Babymaking will move further from being a human activity to being a mere manufacturing process – the Industrial Revolution meets “biological colonialism“.
The question of manufacturing human beings via industrial processes is addressed in the IEET article:
However, ethicists voice concerns that this technology could endanger the very meaning of life. Mother-child relationships, the nature of female bodies, and being ‘born’, not ‘made’ all play a role in defining how most people around the world view this magical state of existence called life. Artificial wombs will enable both men and women to reproduce entirely alone, removing intercourse from the reproductive equation.
But proponents believe people will reason, “Why risk gestating the baby in a biological womb, when this new science can produce a child with our exact genetic makeup, perfect personality, and zero flaws.
We are already seeing ethical questions coming from the use of surrogates – for instance, people who would not be able to find and marry an appropriate mate are using artificial reproduction technologies to bypass that problem, putting children into the hands of people such as the infamous case of the Israeli pedophile who contracted with an Indian surrogate mother (and the Israeli government has no power to remove the child, but must wait until there is evidence of harm).

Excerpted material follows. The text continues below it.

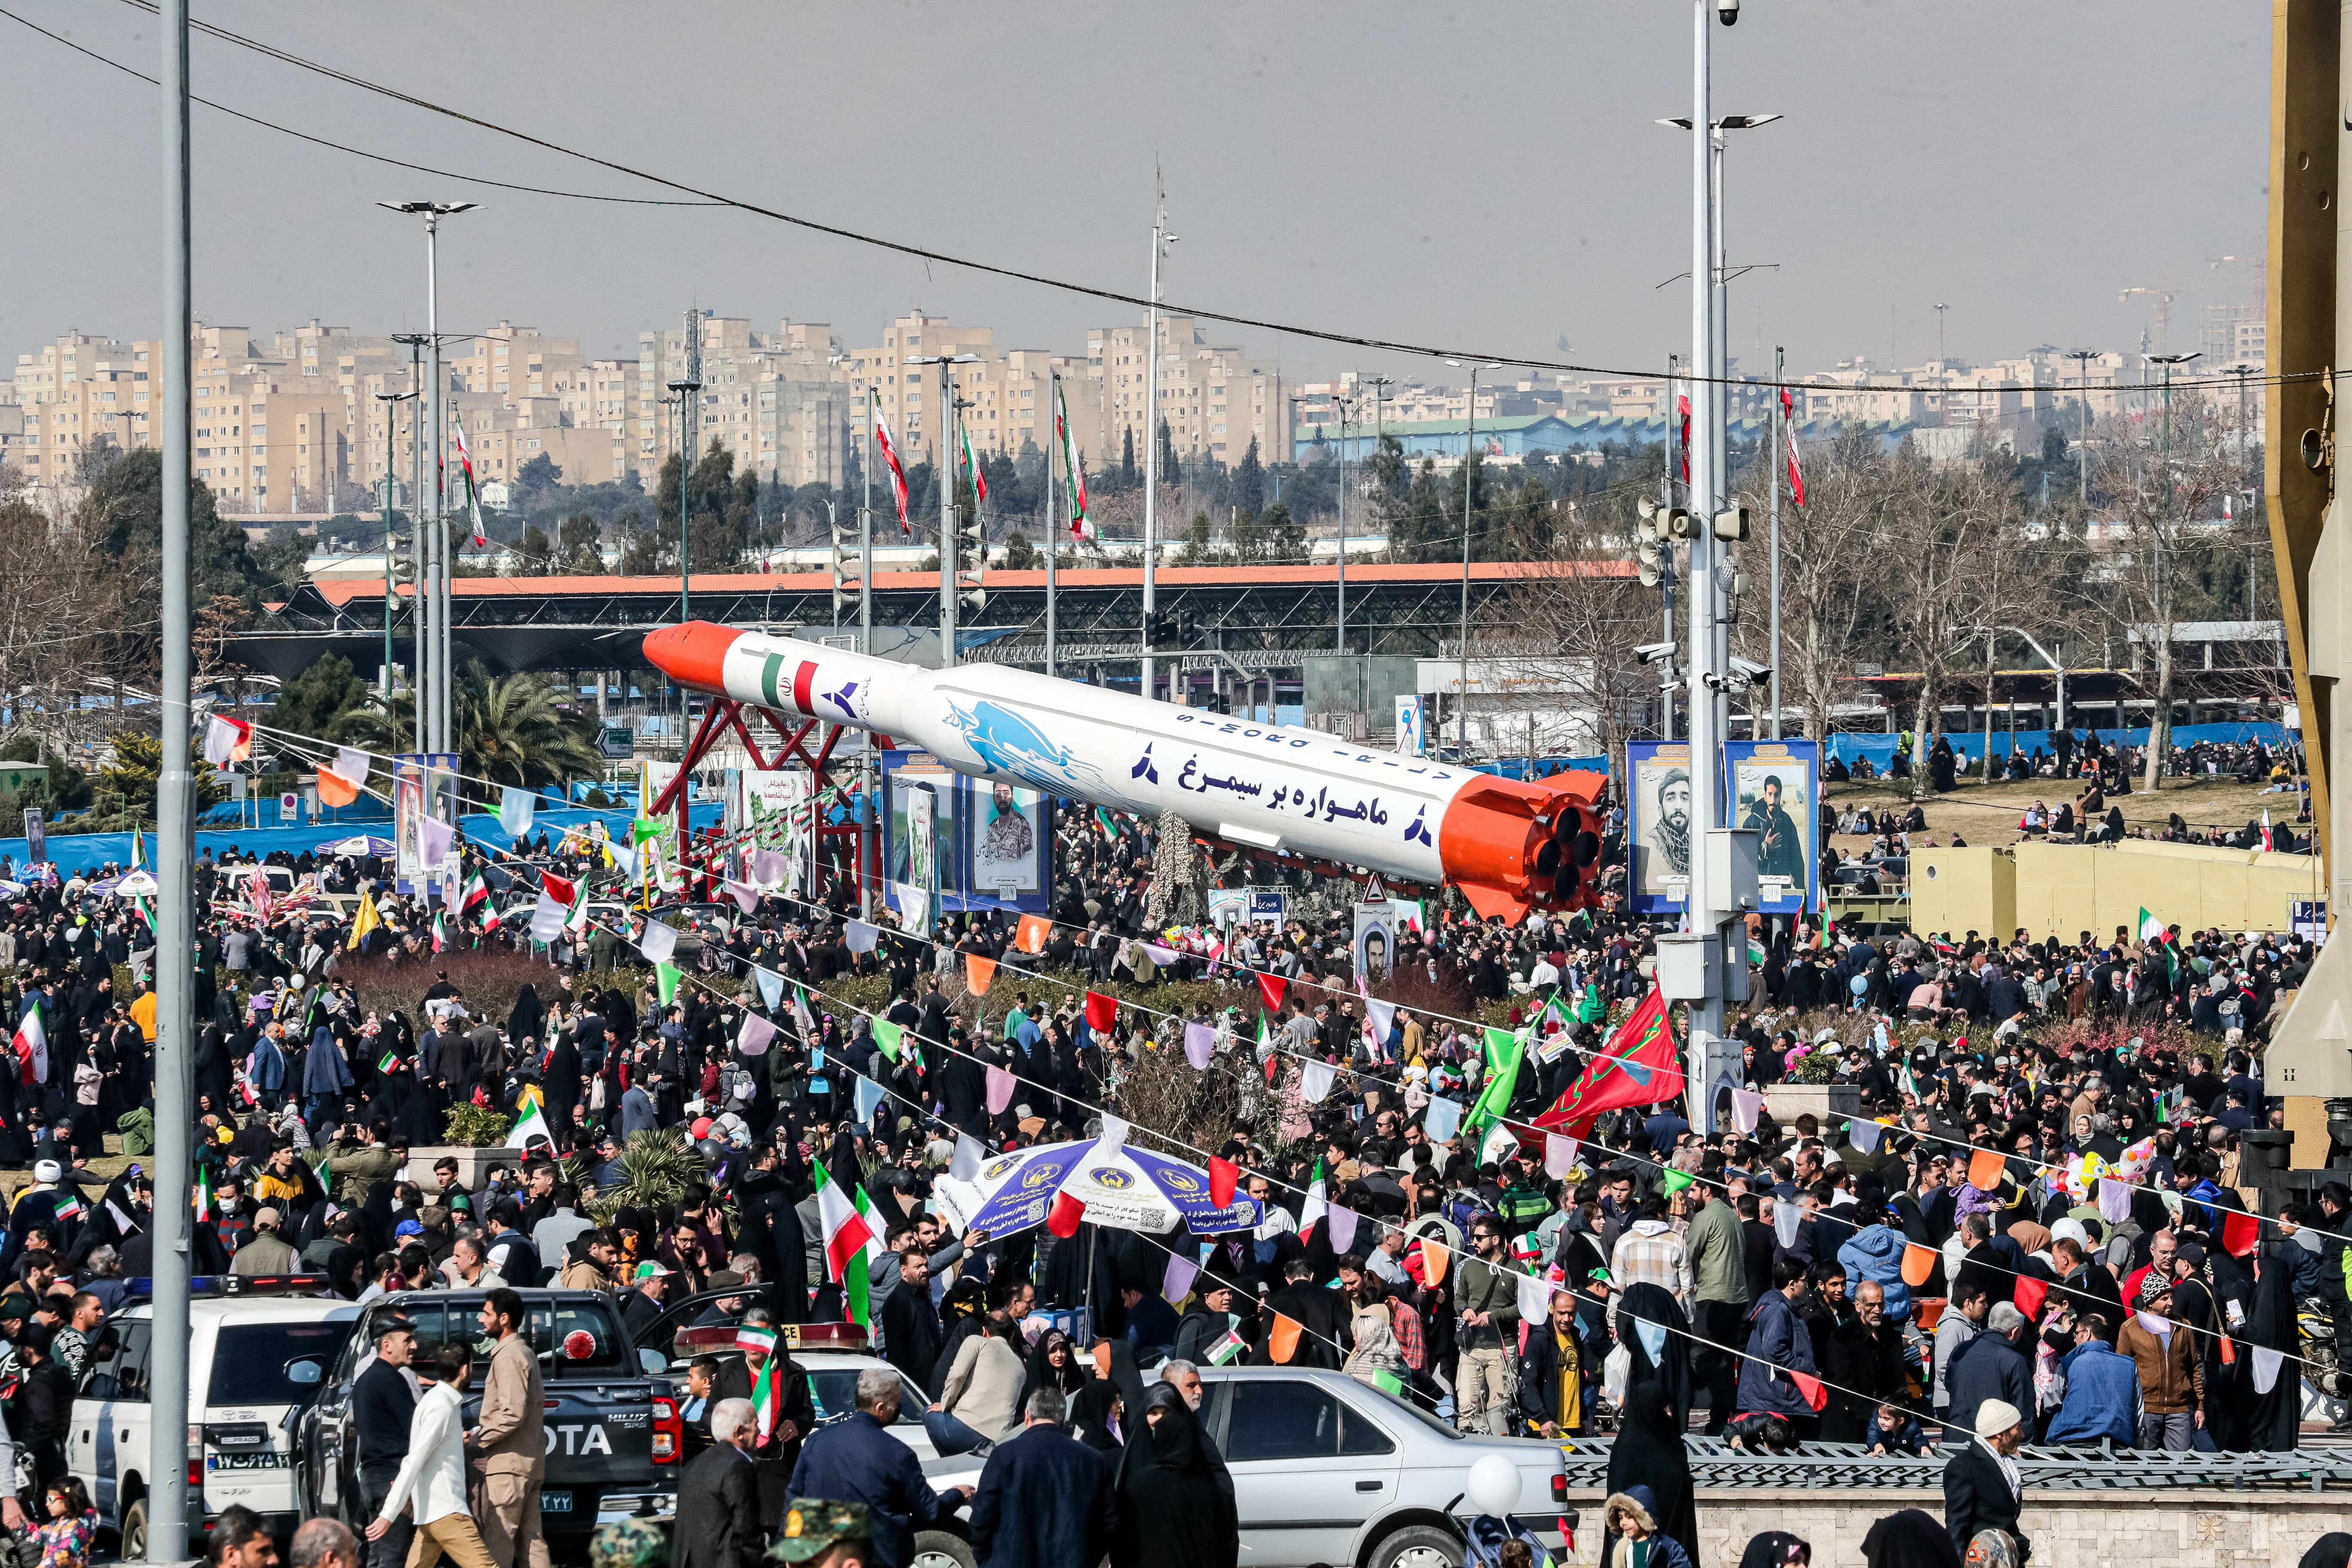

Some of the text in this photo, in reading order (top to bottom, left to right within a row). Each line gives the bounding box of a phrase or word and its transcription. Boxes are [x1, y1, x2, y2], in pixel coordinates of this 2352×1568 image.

We are already at the point where people are literally suing doctors who allow imperfect babies to be born. As we define what it means to have “perfect” personality and “zero” flaws, we will confront the question of whether there is in fact any difference at all between having “ideals” vs. merely “following fashion”.
When all the Down’s, autistic, and “sick” kids are removed from the gene pool, will that be enough? No – already there are those who define being too short, tall, skinny, fat, etc. as “flawed”.